God’s love is seen both throughout the story of human history narrated in the Bible. He is pleased with his creation, calling it good in the book of Genesis, and especially pleased with his creation once humankind was in the picture, calling it all very good in Genesis 1:31.
God’s anger should be understood in the context of His love. Loving parents have certain expectations of their children, and when children openly rebel, there is frustration, anguish, sadness, regret, and… anger.
God made humankind for the purpose of relationship: reflecting God’s loving care to the creation. Humans were to love God and love one another, to care for one another and to care for the creation that God put them in charge of. By and large, throughout the Bible and history since, humans have chosen idols over God, lust over love, and fighting over caring.
God is/was justly angry with humankind, including His chosen people.
Who are God’s people? In a sense all are by way of creation, but starting in Genesis 12 God chooses a man named Abram and his descendents to be “God’s chosen people.” These people receive God’s special attention, a special set of regulations, a special privileged relationship with Himself, and a special mission of revealing God’s love and justice to the other nations.
When they failed to love God, or obey Him, or reflect His justice, or even try… God was justly angry.
When Jesus died on the cross, according to the writing of Paul, God’s just anger for the heaps of corruption, idolatry, injustice, and evil that humans engaged in before and after the crucifixion was satisfied.

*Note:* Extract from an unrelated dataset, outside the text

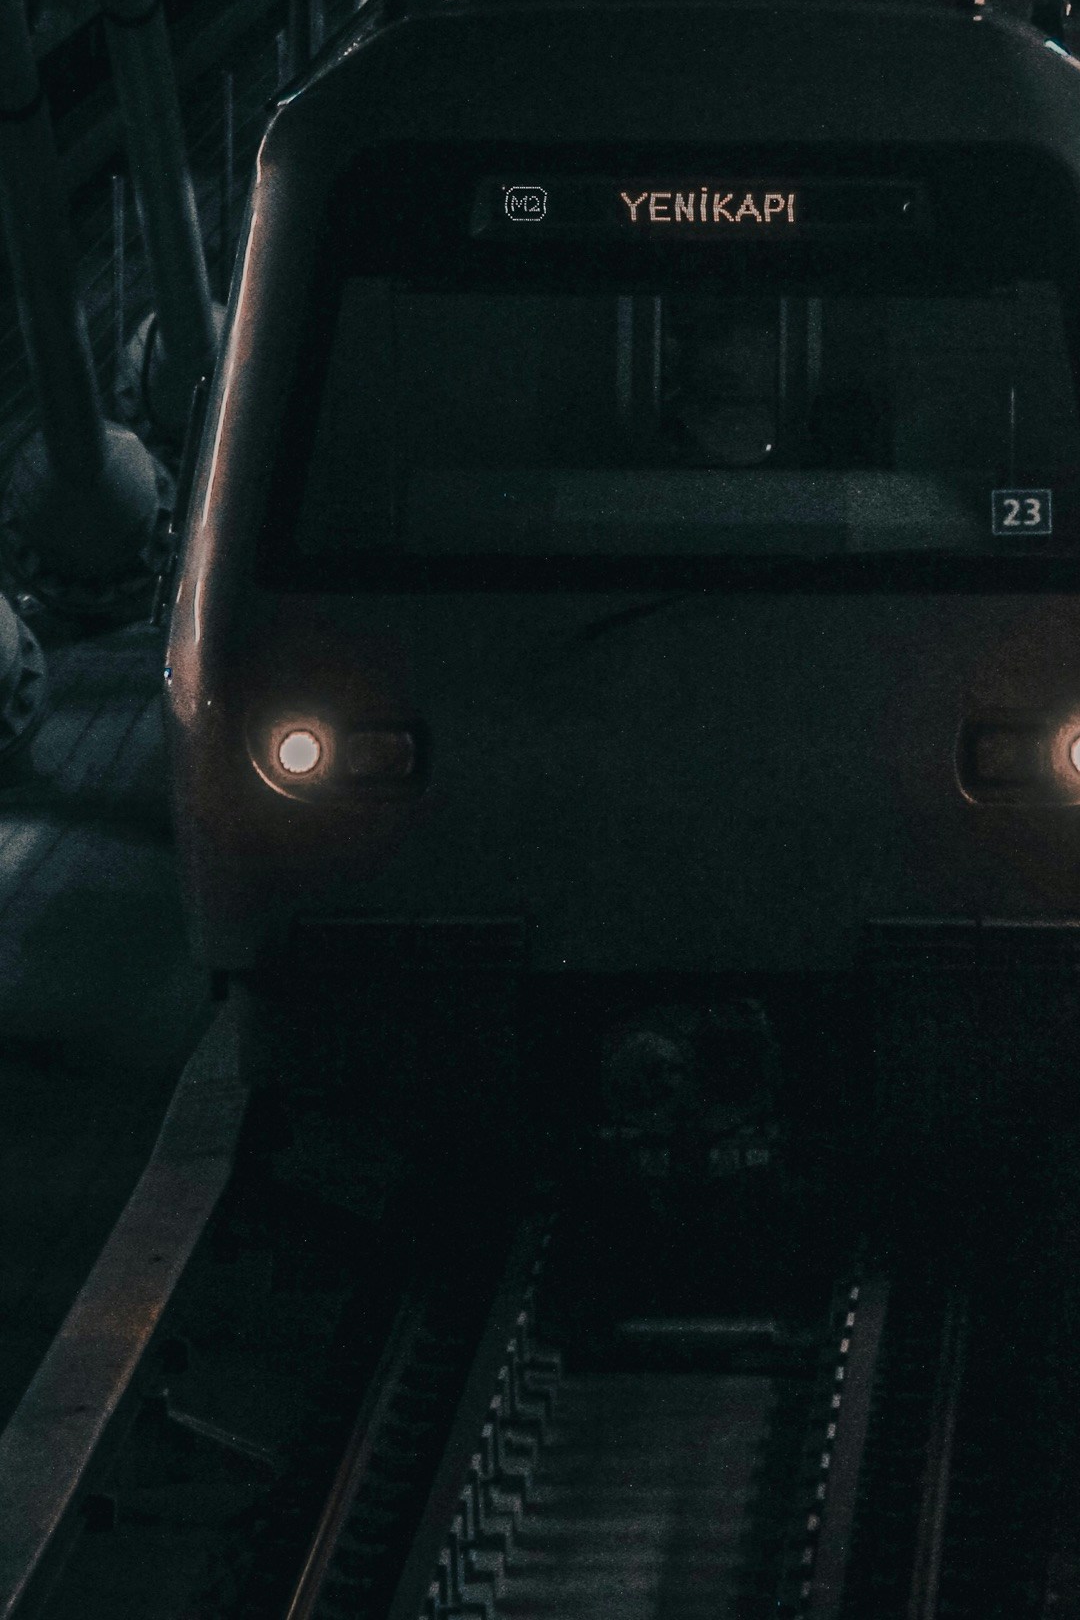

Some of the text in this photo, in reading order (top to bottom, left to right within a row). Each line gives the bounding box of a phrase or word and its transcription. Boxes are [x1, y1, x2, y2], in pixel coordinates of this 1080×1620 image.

[510, 186, 795, 223] M2 YENİKAPI
[1003, 498, 1041, 527] 23

Jesus was the sacrifice to satisfy God’s anger at his chosen people, but not only for them… also for all people of all nations.
This to me is the crux of a Christian understanding of history. Jesus’ willing sacrifice on the cross satisfied God’s anger and achieved God’s acceptance and forgiveness of humans… that is, those humans willing to recognize their part in the world’s injustice, repent, and believe in Jesus as God’s perfect sacrifice and God’s truly loving nature.
These people in turn become more than just “chosen people.” They are said to have been “adopted as God’s children.” (Ephesians 1)
For those who continue in rebellion and rejection of God, God’s just anger remains on them and on the unjust systems of the world. The Bible talks about an end of time, a judgment, when God’s anger with His rebellious creation will be revealed in its fullness through awful plagues described in the Revelation, last book of the Bible.
So is God loving or not? Is a parent who sharply disciplines a rebellious child loving? Is a society who locks up a repetitive criminal loving, or not? These examples don’t fully cover the dimensions of human evil or of God’s love, but they might give us an idea of the need for God to respond to evil and injustice. Often we see in the Bible that part of God’s just response is anger.
In Paraguay, many people tend to see bad weather, disease, and accidents in the context of God's anger against someone or a group of people. Declaring that a certain disaster was God angrily punishing those involved is walking on thin ice and thin BĂblical support. In Luke 13 Jesus mentions 2 situations, an accident where a tower fell on some people, killing them, and a politically motivated slaughter. He directly denies that those people involved were worse sinners than anyone else and therefore denies that they were punished by God in anger. He then warns people to repent of their own sins or perish.
Can we trust God’s love enough to know that His anger at sin and injustice is well directed and also good?